When seeking high-yield income-generating strategies, Rodilosso pointed to a number of options for various circumstances. For instance, if one is more amenable to higher risk, investors can consider something like fallen angel high-yield bonds to participate in the higher quality high-yield bond market, business development companies for exposure to loans to private companies and preferred securities for their attractive yield play.

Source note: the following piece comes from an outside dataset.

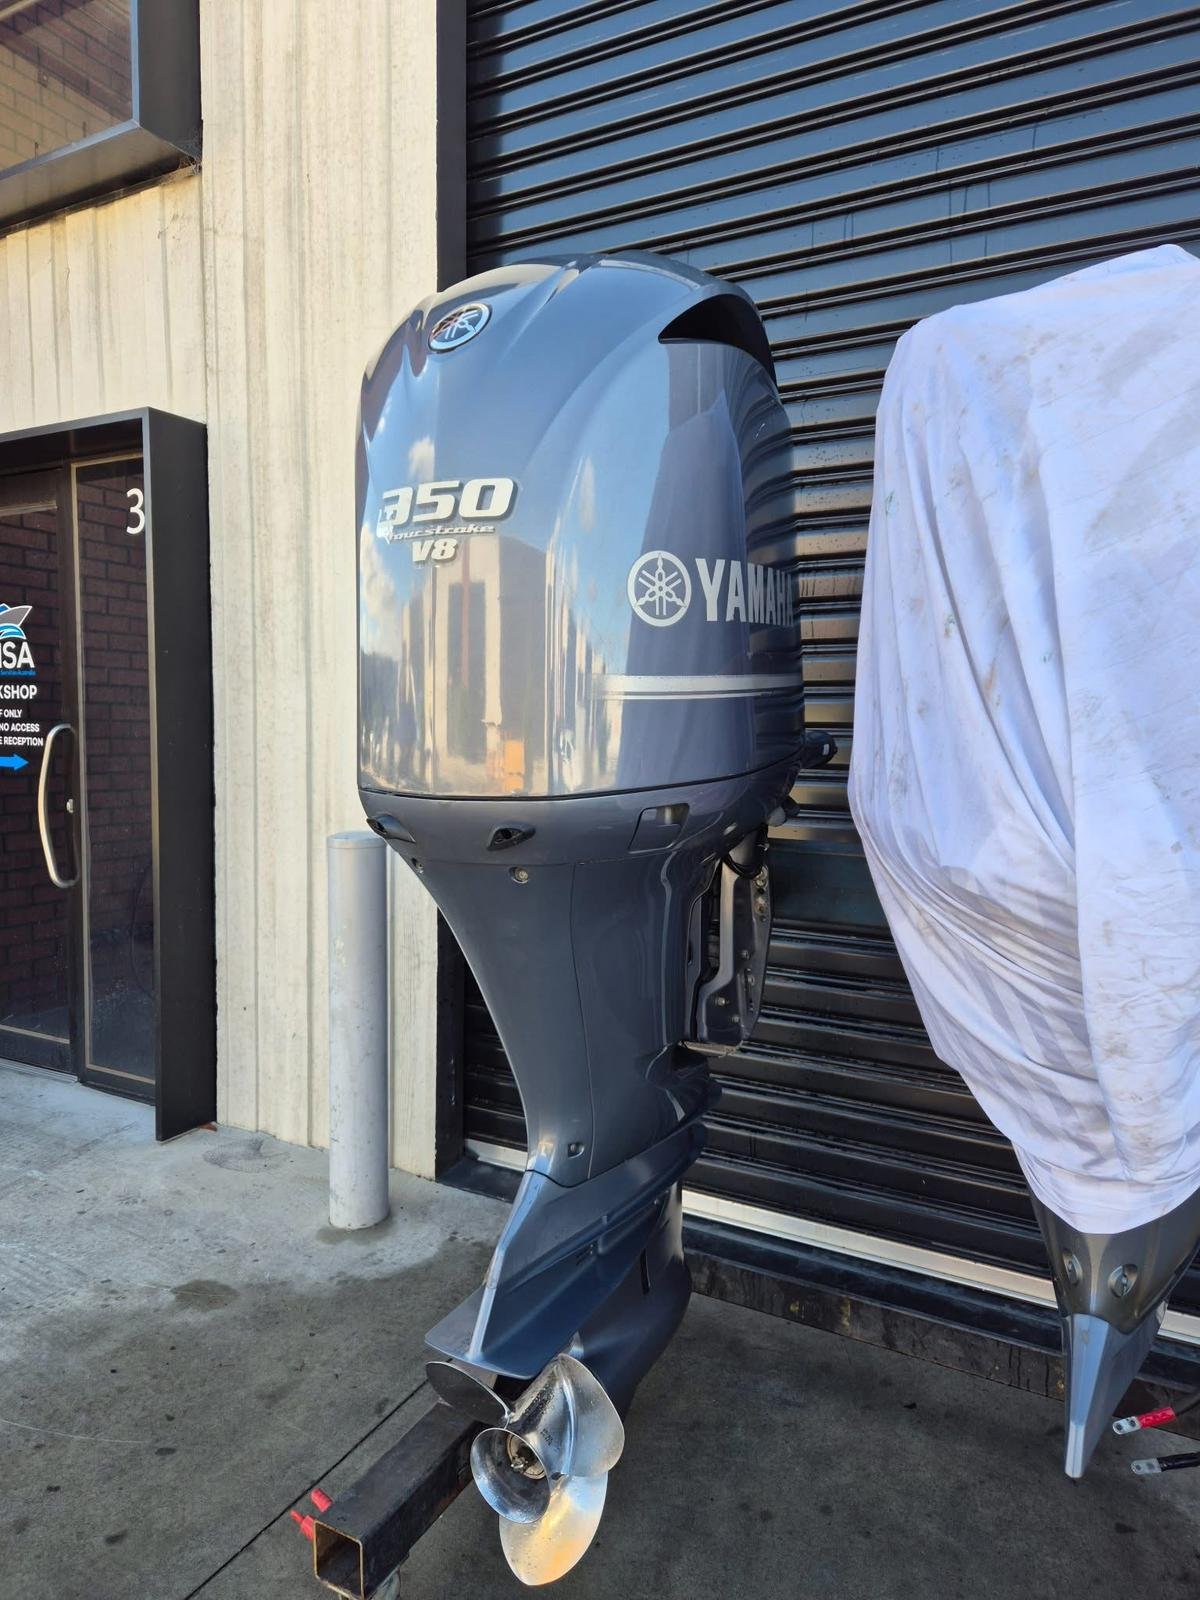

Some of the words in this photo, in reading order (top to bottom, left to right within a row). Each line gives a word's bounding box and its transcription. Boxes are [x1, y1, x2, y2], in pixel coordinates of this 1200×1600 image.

For example, the VanEck Fallen Angel High Yield Bond ETF (NYSEArca: ANGL) was the first ETF to provide exposure to “fallen angel” bonds, speculative-grade debt securities that were initially issued with an investment-grade rating but were later downgraded to junk territory. Fallen angel issuers tend to be larger and more established than many other junk bond issuers. Rodilosso said that fallen angels have outperformed traditional high yield, investment grade and equity strategies and averaged less volatility than equity strategies.

The VanEck Vectors Preferred Securities ex Financials ETF (NYSEArca: PFXF) provides exposure to preferred securities, which may offer competitive yields with a higher payout than common stock and senior debt, has favorable tax treatment as distributions may be treated as qualified dividend income and are senior in structure or rank higher than common stock in the event of bankruptcy. Furthermore, by excluding financials, PFXF has offered similar yield to the broad preferred securities universe, provided greater diversification since financials make up almost three quarters of the broad preferreds universe and generated lower volatility historically than with financial preferreds.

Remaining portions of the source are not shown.